C’est alors que l’épreuve des collyres, bien réglée par Coppez, peut rendre des services. Elle est basée sur l’action élective de certains alcaloïdes, les uns sur le parasympathique, les autres sur le sympathique.

La cocaïne, en solution à 2%, excite, semble-t-il, les terminaisons nerveuse du sympathique et provoque, à l’état normal, une mydriase modérée, avec conservation des réflexes.

L’adrénaline, de même, paraît exciter les terminaisons nerveuses du dilatateur et renforce les effets de l’instillation de cocaïne.

L’atropine paralyse les terminaisons nerveuses du III, ou plutôt elle annihile l’action de l’acétylcholine.
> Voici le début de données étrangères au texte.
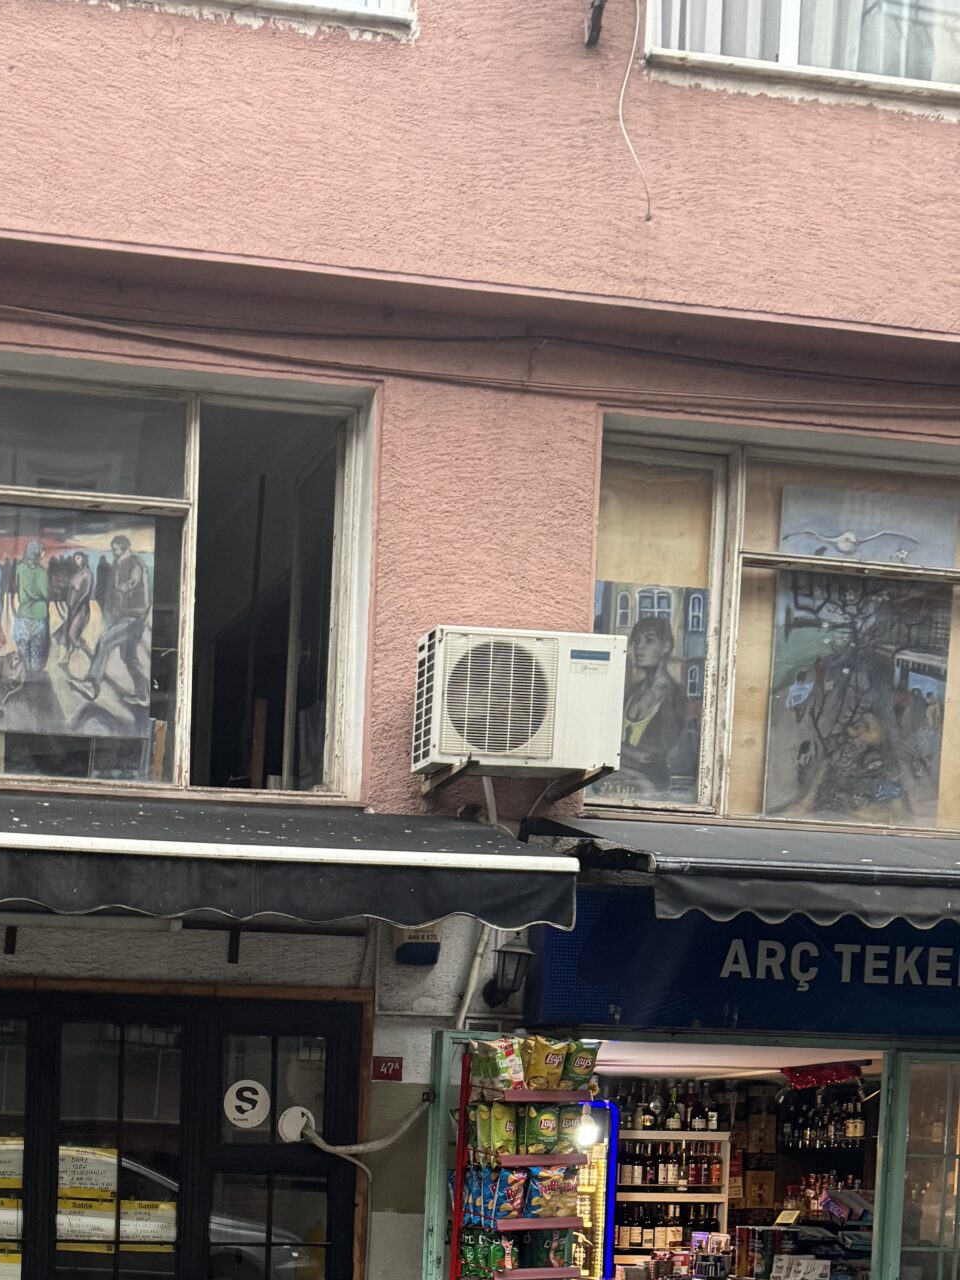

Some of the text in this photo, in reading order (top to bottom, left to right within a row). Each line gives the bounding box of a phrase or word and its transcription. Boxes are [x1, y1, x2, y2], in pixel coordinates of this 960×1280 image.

[720, 938, 960, 992] ARÇ TEKE
[234, 1086, 259, 1115] S
Son instillation a pour effet une mydriase traumatique, le dilatateur devenant alors prédominant.

L’ésérine par contre, excitant les terminaisons nerveuses du III ou, plus exactement, protégeant l’acétylcholine, provoque la contraction du sphincter.

S’agit-il, dans un cas douteux, d’une mydriase par paralysie du III, ou d’une mydriase par excitation du sympathique ?

Paralysie du III
Paralysie du III

S’agit-il, dans un cas douteux, d’un myosis par paralysie du sympathique, ou d’un myosis par spasme du muscle sphincter ?

C’est alors que l’épreuve des collyres peut rendre des services.